• _Saved entries_:
- - -
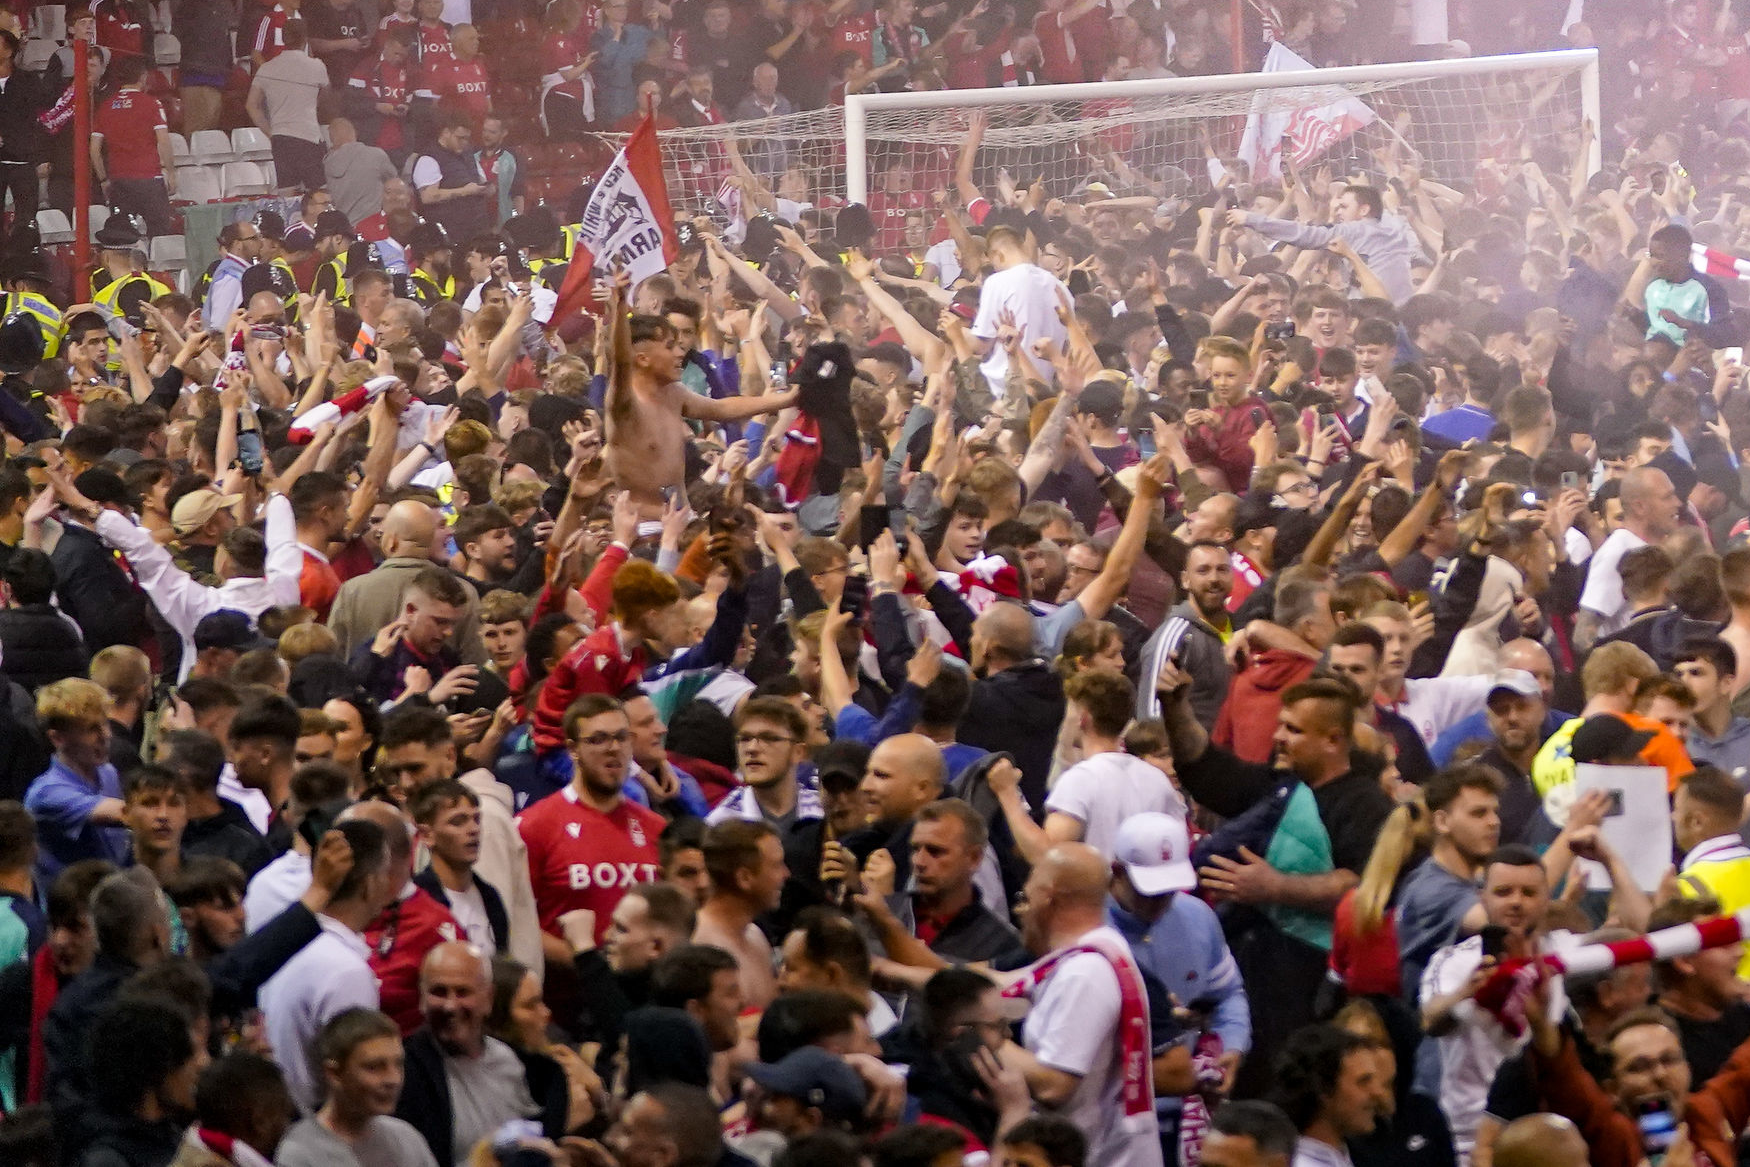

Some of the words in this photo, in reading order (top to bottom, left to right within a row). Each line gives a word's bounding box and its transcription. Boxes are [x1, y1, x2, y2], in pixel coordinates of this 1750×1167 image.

[383, 87, 405, 98] OXT
[456, 82, 486, 93] BOXT
[887, 208, 905, 217] BO
[569, 862, 657, 889] BOXT
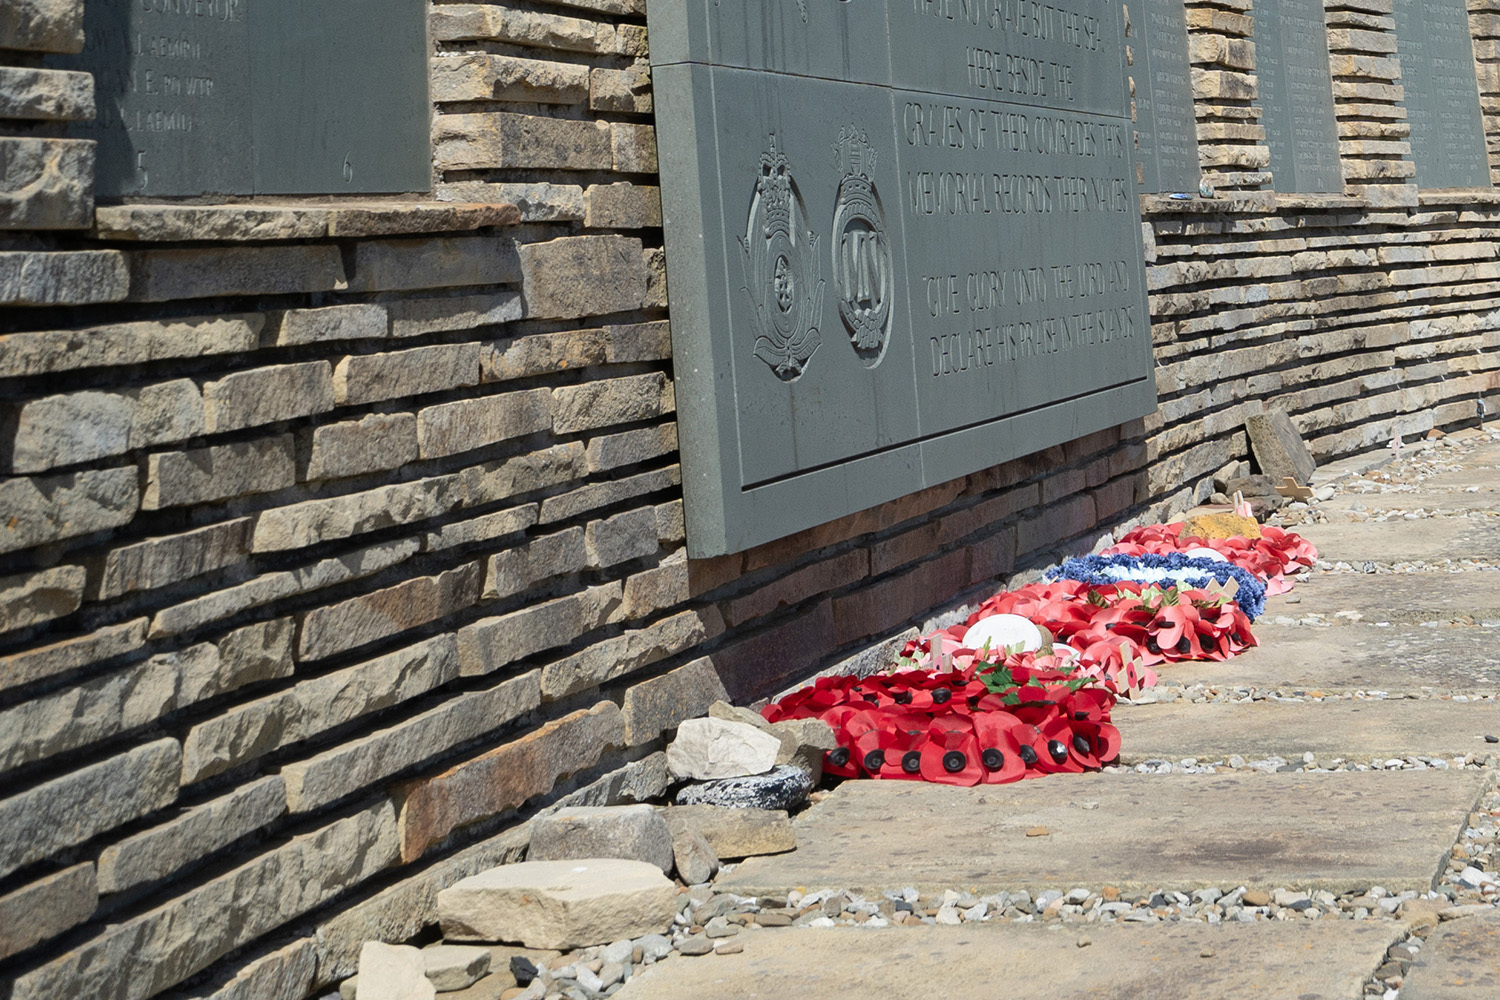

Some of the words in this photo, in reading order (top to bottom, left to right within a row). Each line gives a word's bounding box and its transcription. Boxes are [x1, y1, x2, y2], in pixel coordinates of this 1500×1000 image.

[1030, 0, 1056, 42] BUT
[1056, 7, 1083, 50] THE
[965, 45, 1005, 94] HERE
[1005, 52, 1048, 99] BESIDE
[1048, 60, 1076, 102] THE
[902, 101, 966, 151] GRAVES
[967, 107, 989, 152] OF
[989, 109, 1033, 154] THEIR
[1033, 115, 1098, 159] COMRADES
[1097, 122, 1125, 160] THIS
[136, 148, 150, 191] 5
[341, 148, 355, 185] 6
[906, 170, 993, 217] MEMORIAL
[992, 171, 1054, 216] RECORDS
[1053, 174, 1091, 215] THEIR
[1090, 176, 1130, 215] NAMES
[965, 269, 1008, 313] GLORY
[1011, 264, 1048, 308] UNTO
[1049, 263, 1076, 302] THE
[1076, 260, 1107, 300] LORD
[1107, 258, 1131, 296] AND
[928, 326, 994, 379] DECLARE
[994, 322, 1019, 365] HIS
[1018, 317, 1060, 360] PRAISE
[1059, 314, 1072, 352] IN
[1071, 310, 1096, 349] THE
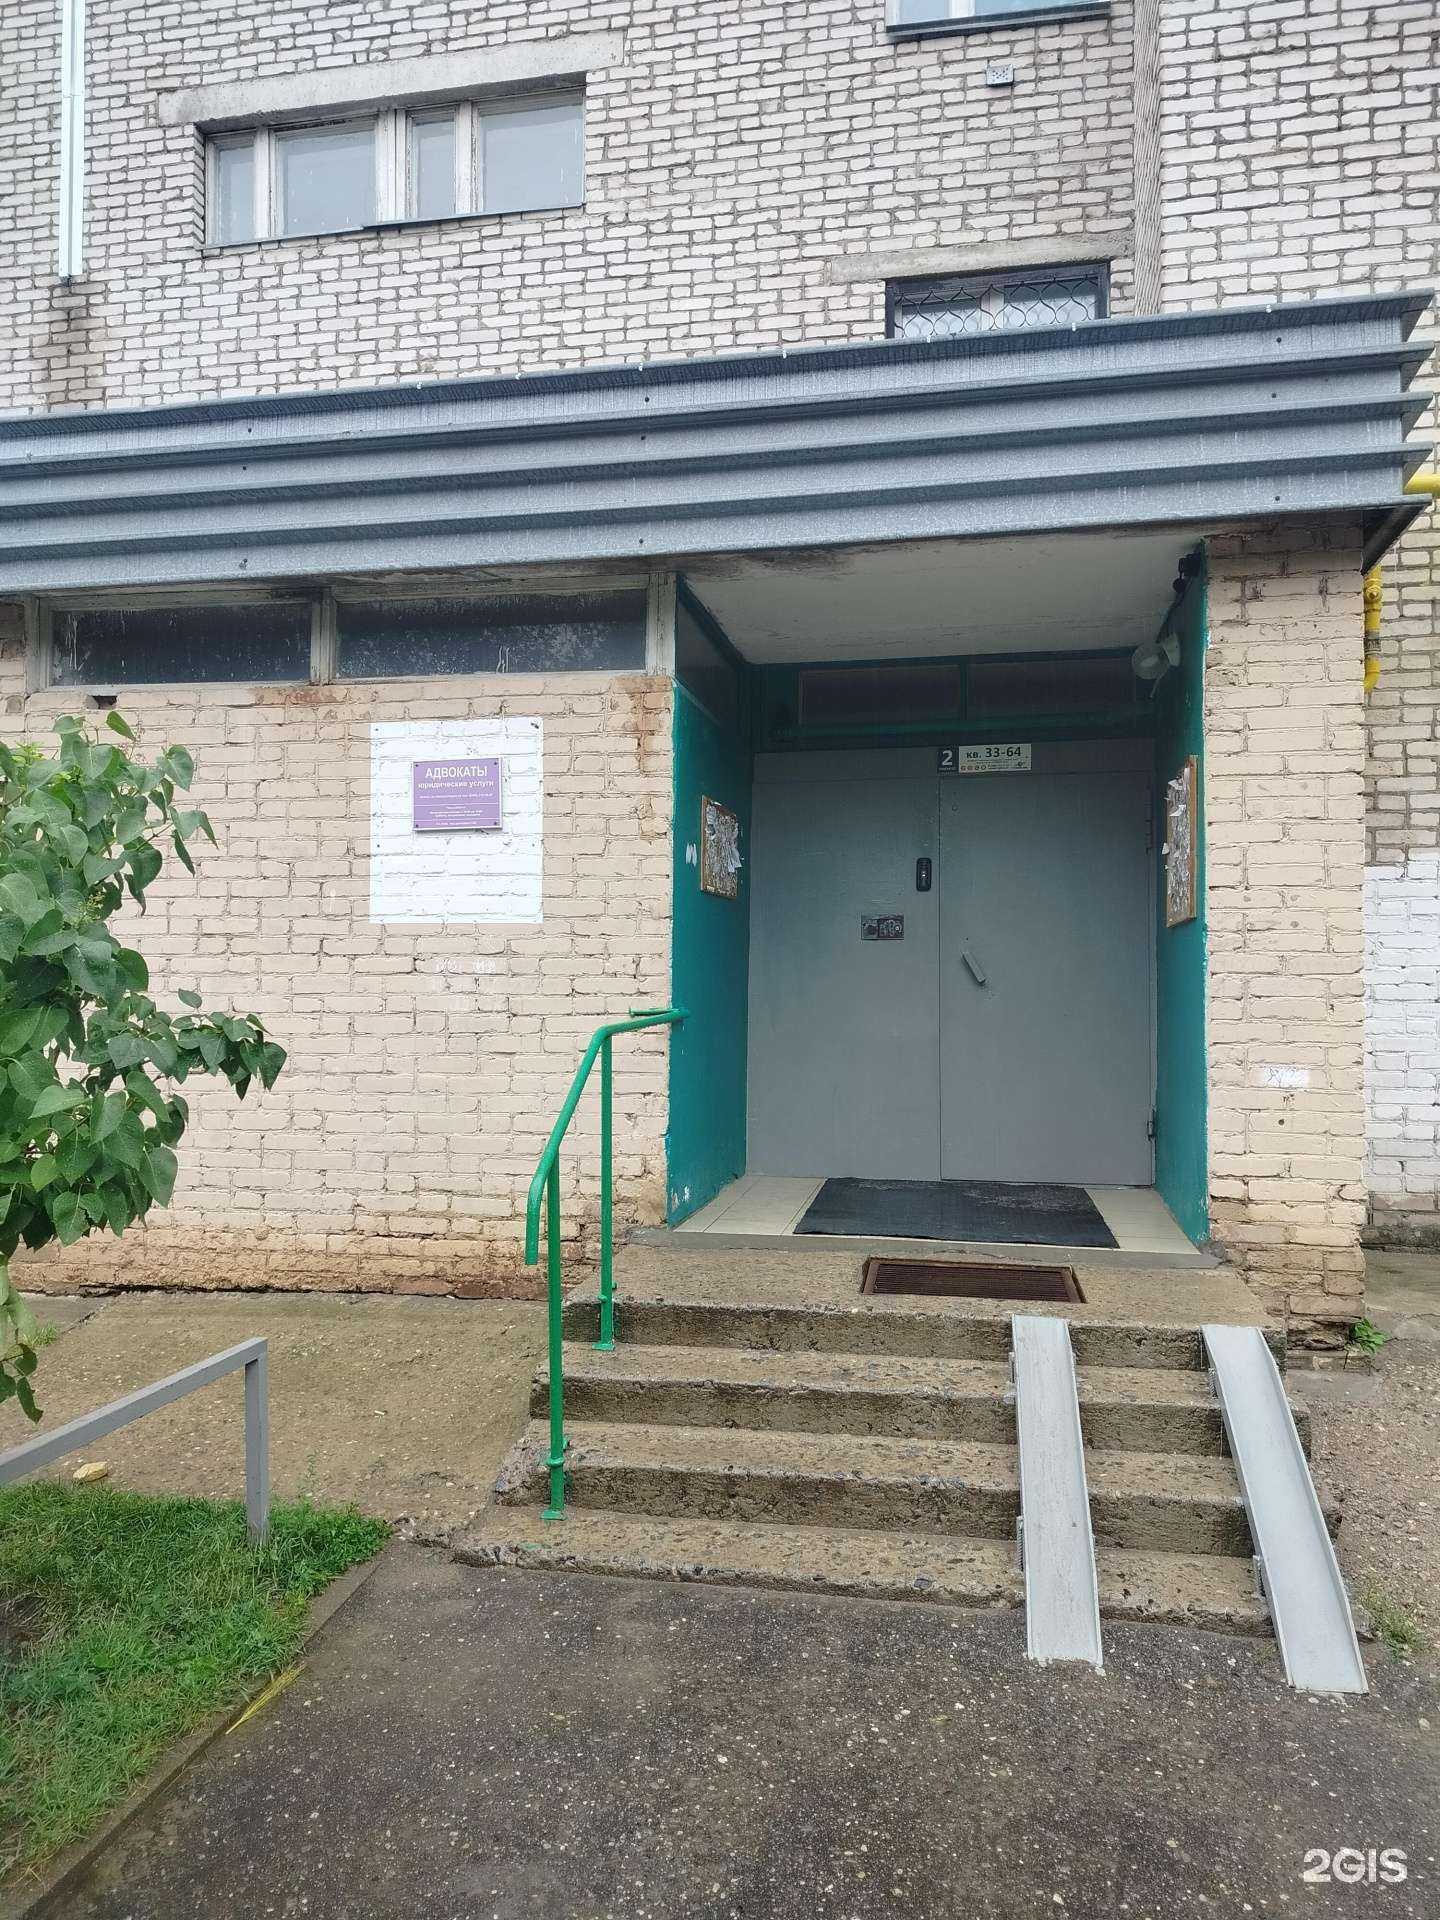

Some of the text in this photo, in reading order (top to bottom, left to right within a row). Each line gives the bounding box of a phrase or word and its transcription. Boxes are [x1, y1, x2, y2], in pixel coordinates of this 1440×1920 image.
- - -
Reproduce the lines from the one with "this 1500×1000 image." through the end of the data, keeping both end lines, adding nothing, and dropping any pictures.

• _Answer space_:
Some of the words in this photo, in reading order (top to bottom, left to right within a row). Each line gives a word's bounding box and its transcription. Boxes are [x1, y1, x2, y2], in pixel coordinates of this 1500×1000 image.

[1030, 0, 1056, 42] BUT
[1056, 7, 1083, 50] THE
[965, 45, 1005, 94] HERE
[1005, 52, 1048, 99] BESIDE
[1048, 60, 1076, 102] THE
[902, 101, 966, 151] GRAVES
[967, 107, 989, 152] OF
[989, 109, 1033, 154] THEIR
[1033, 115, 1098, 159] COMRADES
[1097, 122, 1125, 160] THIS
[136, 148, 150, 191] 5
[341, 148, 355, 185] 6
[906, 170, 993, 217] MEMORIAL
[992, 171, 1054, 216] RECORDS
[1053, 174, 1091, 215] THEIR
[1090, 176, 1130, 215] NAMES
[965, 269, 1008, 313] GLORY
[1011, 264, 1048, 308] UNTO
[1049, 263, 1076, 302] THE
[1076, 260, 1107, 300] LORD
[1107, 258, 1131, 296] AND
[928, 326, 994, 379] DECLARE
[994, 322, 1019, 365] HIS
[1018, 317, 1060, 360] PRAISE
[1059, 314, 1072, 352] IN
[1071, 310, 1096, 349] THE

Some of the text in this photo, in reading order (top to bottom, left to right within a row). Each line gives the bounding box of a phrase or word and its transcription. Boxes are [x1, y1, x2, y2], in pixel coordinates of this 1440×1920 image.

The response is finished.